Activity ::
Go through the data below and copy it exactly, skipping every picture.

Text-to-region grounding data:
[Start of Attachment]

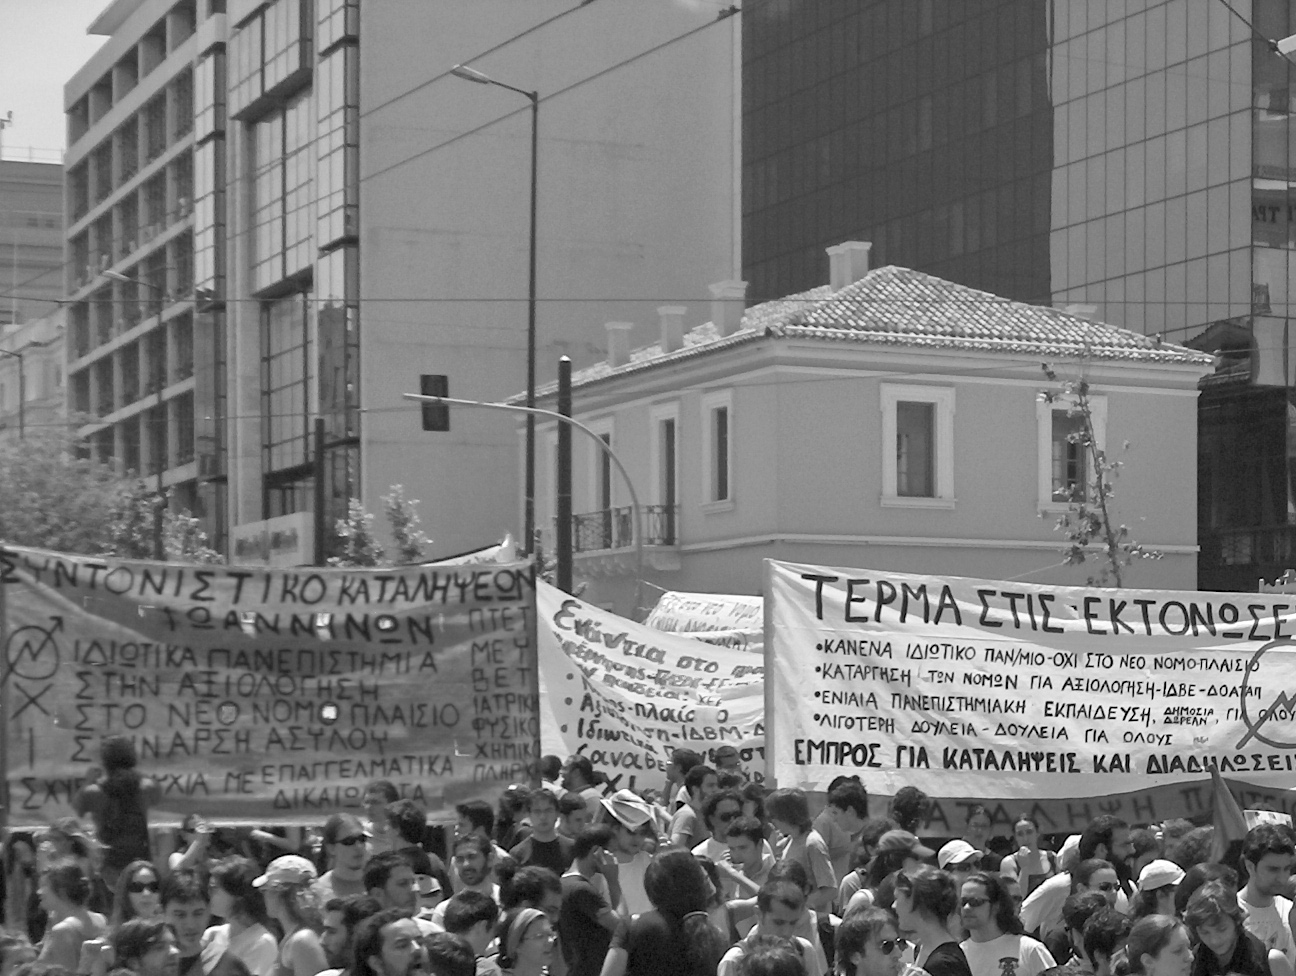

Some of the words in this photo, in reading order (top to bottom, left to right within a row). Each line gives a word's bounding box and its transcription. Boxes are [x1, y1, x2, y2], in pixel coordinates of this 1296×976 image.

[1, 552, 326, 605] ΣΥΝΤΟΝΙΣΤΙΚΟ
[338, 564, 536, 606] ΚΑΤΑΛΗΨΕΩΝ
[802, 574, 963, 626] ΤΕΡΜΑ
[977, 589, 1065, 634] ΣΤΙΣ
[74, 640, 197, 668] ΙΔΙΩΤΙΚΑ
[208, 648, 438, 674] ΠΑΝΕΠΙΣΤΗΜΙΑ
[824, 639, 893, 660] ΚΑΝΕΝΑ
[906, 643, 977, 661] ΙΔΙΩΤΙΚΟ
[1085, 653, 1114, 669] ΣΤΟ
[1119, 654, 1146, 670] ΝΕΟ
[76, 671, 160, 699] ΣΤΗΝ
[178, 671, 378, 701] ΑΞΙΟΛΟΓΗΣΗ
[822, 664, 912, 685] ΚΑΤΑΡΓΗΣΗ
[928, 669, 954, 684] ΤΩΝ
[963, 674, 1018, 690] ΝΟΜΩΝ
[1030, 675, 1054, 690] ΓΙΑ
[75, 703, 147, 732] ΣΤΟ
[169, 701, 240, 727] ΝΕΟ
[253, 699, 340, 726] ΝΟΜΟ
[352, 703, 460, 728] ΠΛΑΙΣΙΟ
[822, 691, 878, 710] ΕΝΙΑΙΑ
[891, 692, 1027, 714] ΠΑΝΕΠΙΣΤΗΜΙΑΚΗ
[266, 727, 388, 757] ΑΣΥΛΟΥ
[819, 713, 895, 734] ΛΙΓΟΤΕΡΗ
[911, 721, 978, 737] ΔΟΥΛΕΙΑ
[994, 723, 1069, 740] ΔΟΥΛΕΙΑ
[1085, 729, 1109, 744] ΓΙΑ
[1123, 732, 1173, 746] ΟΛΟΥΣ
[794, 739, 883, 768] ΕΜΠΡΟΣ
[896, 746, 930, 769] ΓΙΑ
[943, 748, 1081, 774] ΚΑΤΑΛΗΨΕΙΣ
[1093, 754, 1131, 774] ΚΑΙ
[225, 771, 254, 794] ΜΕ
[262, 755, 453, 785] ΕΠΑΓΓΕΛΜΑΤΙΚΑ
[273, 783, 427, 810] ΔΙΚΑΙΩΤΑ
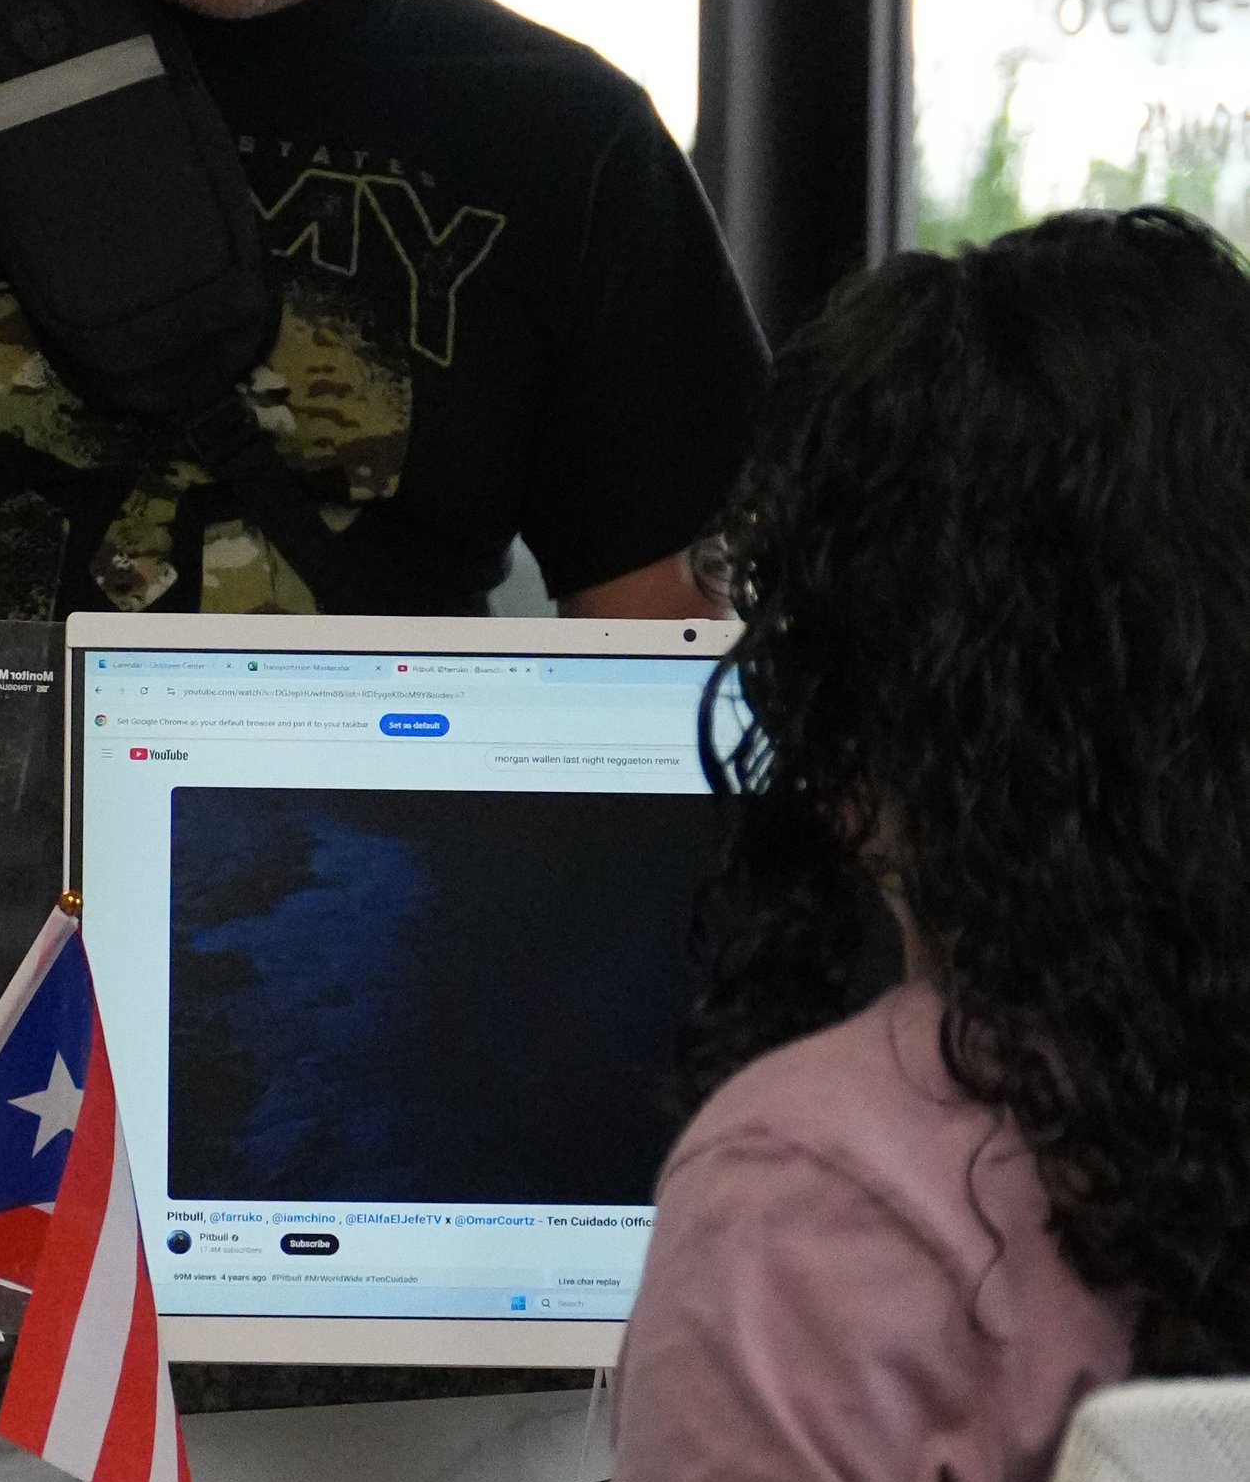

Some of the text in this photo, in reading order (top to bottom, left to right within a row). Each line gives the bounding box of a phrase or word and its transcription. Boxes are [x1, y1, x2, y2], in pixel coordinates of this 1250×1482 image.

[239, 134, 437, 189] STATES
[116, 717, 129, 725] Set
[130, 717, 158, 727] Google
[159, 717, 189, 726] Chrome
[199, 720, 217, 728] your
[218, 718, 245, 727] default
[246, 719, 275, 727] browser
[277, 719, 292, 727] and
[293, 720, 306, 729] pin
[314, 720, 322, 728] to
[323, 721, 341, 729] your
[342, 720, 369, 728] taskbar
[388, 721, 402, 729] Set
[413, 720, 441, 729] default
[149, 749, 189, 761] YouTube
[494, 755, 680, 767] morgan wallen last night reggaeton remix
[166, 1211, 207, 1224] Pitbull,
[209, 1211, 263, 1224] @farruko
[271, 1212, 336, 1225] @iamchino
[345, 1213, 442, 1227] @ElAlfaElJefeTV
[445, 1217, 452, 1225] x
[454, 1215, 536, 1228] @OmarCourtz
[547, 1216, 568, 1227] Ten
[570, 1216, 618, 1227] Cuidado
[199, 1232, 229, 1242] Pitbull
[289, 1239, 331, 1249] Subscribe
[173, 1273, 192, 1282] 69M
[193, 1273, 217, 1282] views
[227, 1275, 250, 1284] years
[251, 1276, 267, 1284] ago
[271, 1274, 302, 1282] #Pitbull
[304, 1274, 363, 1283] #MrWorldWide
[365, 1275, 419, 1284] #TenCuidado
[558, 1277, 621, 1288] Live chat replay
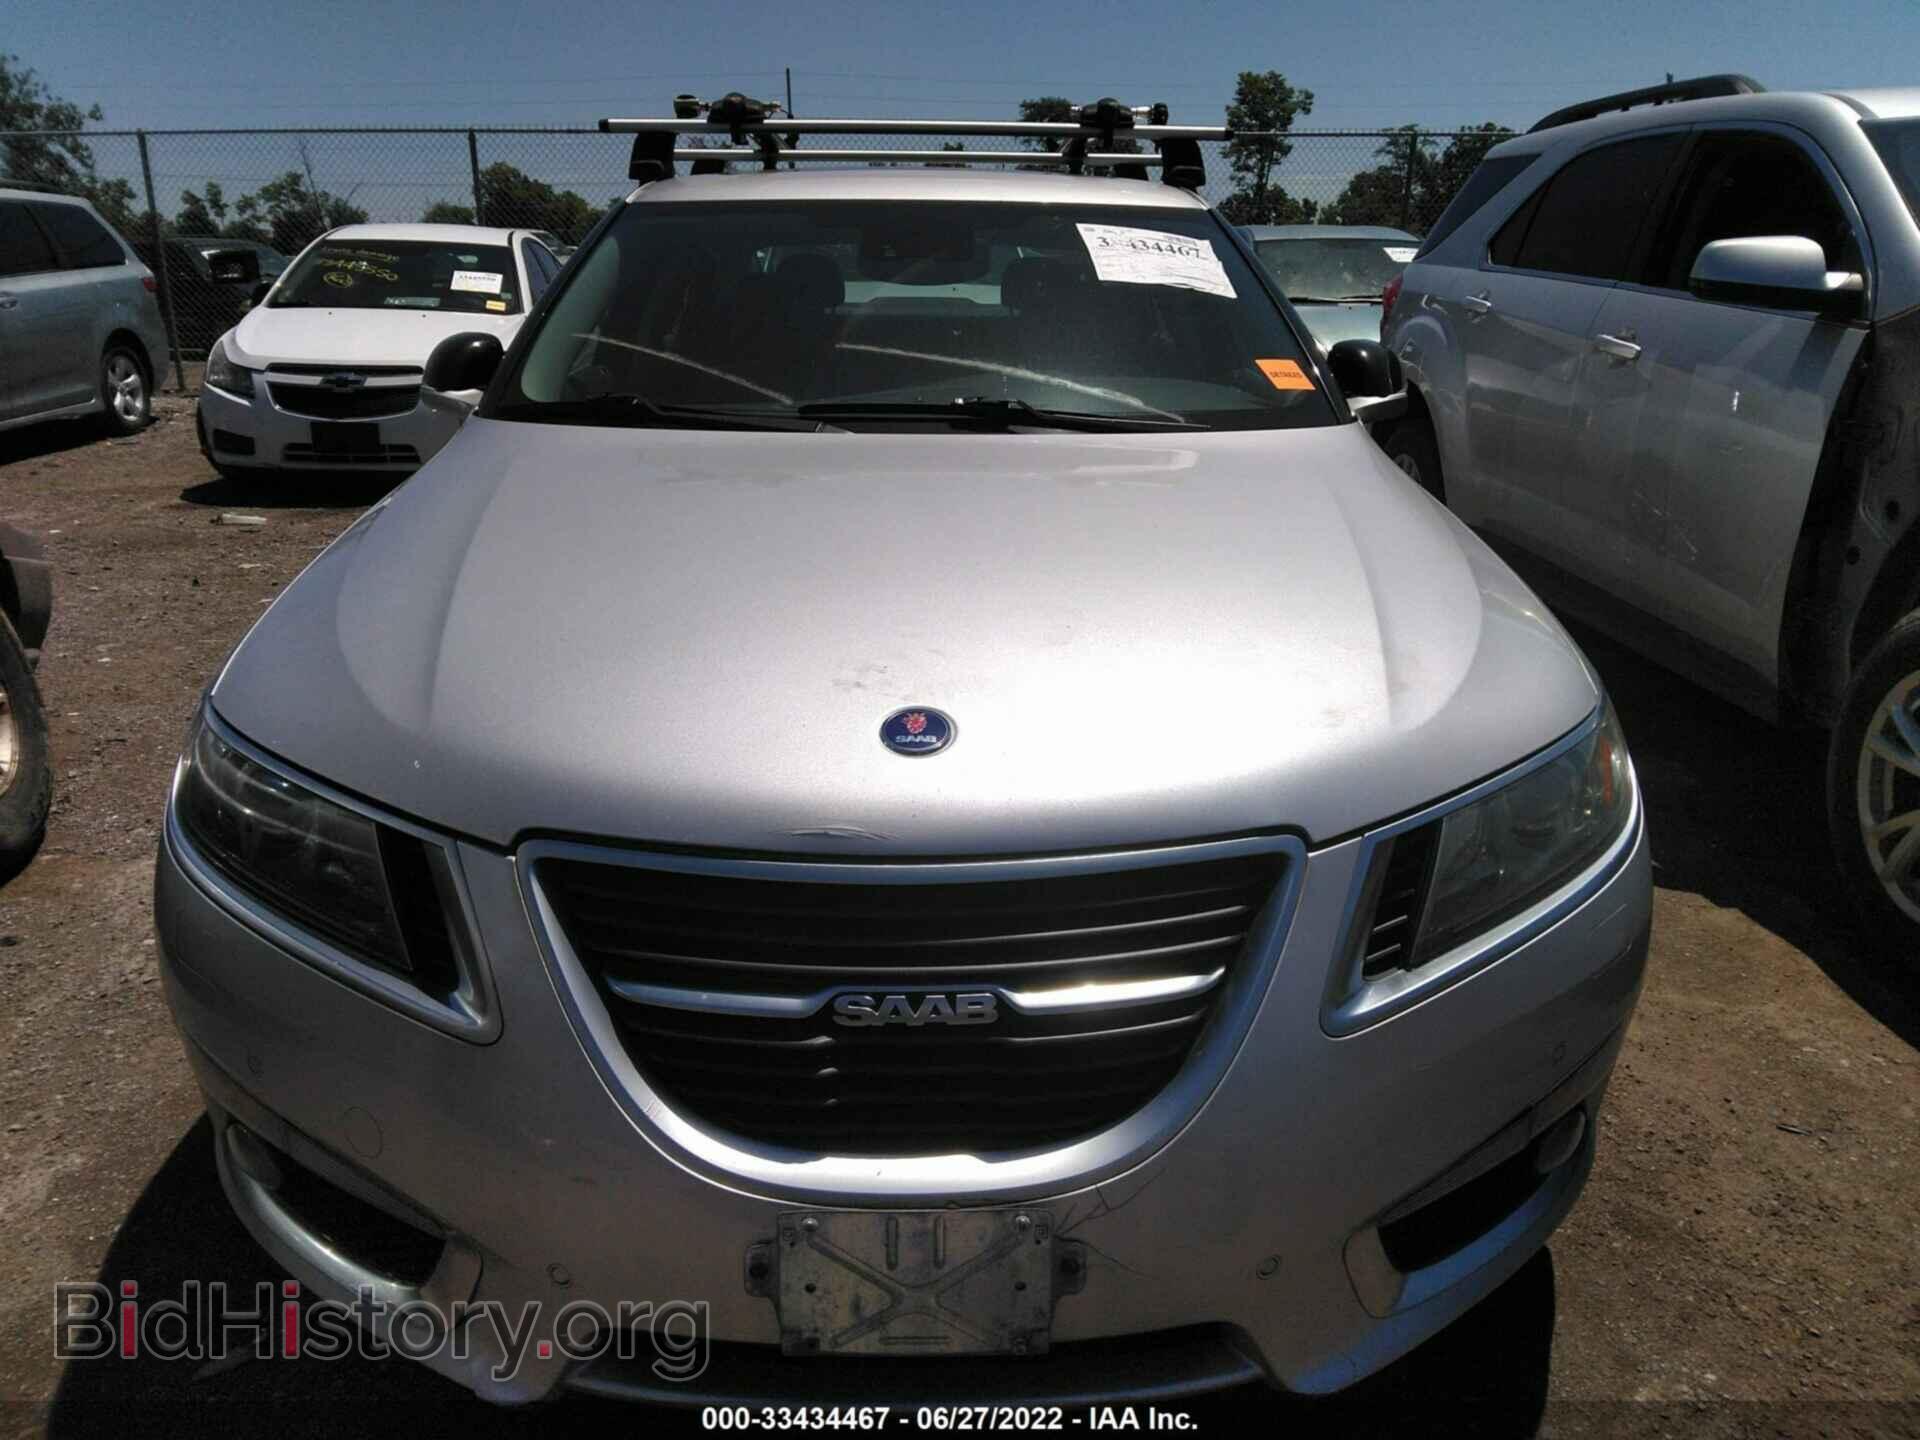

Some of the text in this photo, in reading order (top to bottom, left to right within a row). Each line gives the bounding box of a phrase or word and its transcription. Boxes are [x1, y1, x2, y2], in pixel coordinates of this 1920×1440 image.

[End of Attachment]

Problem solution ::
Some of the words in this photo, in reading order (top to bottom, left to right within a row). Each line gives a word's bounding box and its transcription. Boxes are [x1, y1, x2, y2], in pixel coordinates of this 1296×976 image.

[1, 552, 326, 605] ΣΥΝΤΟΝΙΣΤΙΚΟ
[338, 564, 536, 606] ΚΑΤΑΛΗΨΕΩΝ
[802, 574, 963, 626] ΤΕΡΜΑ
[977, 589, 1065, 634] ΣΤΙΣ
[74, 640, 197, 668] ΙΔΙΩΤΙΚΑ
[208, 648, 438, 674] ΠΑΝΕΠΙΣΤΗΜΙΑ
[824, 639, 893, 660] ΚΑΝΕΝΑ
[906, 643, 977, 661] ΙΔΙΩΤΙΚΟ
[1085, 653, 1114, 669] ΣΤΟ
[1119, 654, 1146, 670] ΝΕΟ
[76, 671, 160, 699] ΣΤΗΝ
[178, 671, 378, 701] ΑΞΙΟΛΟΓΗΣΗ
[822, 664, 912, 685] ΚΑΤΑΡΓΗΣΗ
[928, 669, 954, 684] ΤΩΝ
[963, 674, 1018, 690] ΝΟΜΩΝ
[1030, 675, 1054, 690] ΓΙΑ
[75, 703, 147, 732] ΣΤΟ
[169, 701, 240, 727] ΝΕΟ
[253, 699, 340, 726] ΝΟΜΟ
[352, 703, 460, 728] ΠΛΑΙΣΙΟ
[822, 691, 878, 710] ΕΝΙΑΙΑ
[891, 692, 1027, 714] ΠΑΝΕΠΙΣΤΗΜΙΑΚΗ
[266, 727, 388, 757] ΑΣΥΛΟΥ
[819, 713, 895, 734] ΛΙΓΟΤΕΡΗ
[911, 721, 978, 737] ΔΟΥΛΕΙΑ
[994, 723, 1069, 740] ΔΟΥΛΕΙΑ
[1085, 729, 1109, 744] ΓΙΑ
[1123, 732, 1173, 746] ΟΛΟΥΣ
[794, 739, 883, 768] ΕΜΠΡΟΣ
[896, 746, 930, 769] ΓΙΑ
[943, 748, 1081, 774] ΚΑΤΑΛΗΨΕΙΣ
[1093, 754, 1131, 774] ΚΑΙ
[225, 771, 254, 794] ΜΕ
[262, 755, 453, 785] ΕΠΑΓΓΕΛΜΑΤΙΚΑ
[273, 783, 427, 810] ΔΙΚΑΙΩΤΑ

Some of the text in this photo, in reading order (top to bottom, left to right within a row). Each line gives the bounding box of a phrase or word and its transcription. Boxes are [x1, y1, x2, y2], in pixel coordinates of this 1250×1482 image.

[239, 134, 437, 189] STATES
[116, 717, 129, 725] Set
[130, 717, 158, 727] Google
[159, 717, 189, 726] Chrome
[199, 720, 217, 728] your
[218, 718, 245, 727] default
[246, 719, 275, 727] browser
[277, 719, 292, 727] and
[293, 720, 306, 729] pin
[314, 720, 322, 728] to
[323, 721, 341, 729] your
[342, 720, 369, 728] taskbar
[388, 721, 402, 729] Set
[413, 720, 441, 729] default
[149, 749, 189, 761] YouTube
[494, 755, 680, 767] morgan wallen last night reggaeton remix
[166, 1211, 207, 1224] Pitbull,
[209, 1211, 263, 1224] @farruko
[271, 1212, 336, 1225] @iamchino
[345, 1213, 442, 1227] @ElAlfaElJefeTV
[445, 1217, 452, 1225] x
[454, 1215, 536, 1228] @OmarCourtz
[547, 1216, 568, 1227] Ten
[570, 1216, 618, 1227] Cuidado
[199, 1232, 229, 1242] Pitbull
[289, 1239, 331, 1249] Subscribe
[173, 1273, 192, 1282] 69M
[193, 1273, 217, 1282] views
[227, 1275, 250, 1284] years
[251, 1276, 267, 1284] ago
[271, 1274, 302, 1282] #Pitbull
[304, 1274, 363, 1283] #MrWorldWide
[365, 1275, 419, 1284] #TenCuidado
[558, 1277, 621, 1288] Live chat replay

Some of the text in this photo, in reading order (top to bottom, left to right within a row). Each line gives the bounding box of a phrase or word and its transcription. Boxes are [x1, y1, x2, y2], in pixel coordinates of this 1920×1440 image.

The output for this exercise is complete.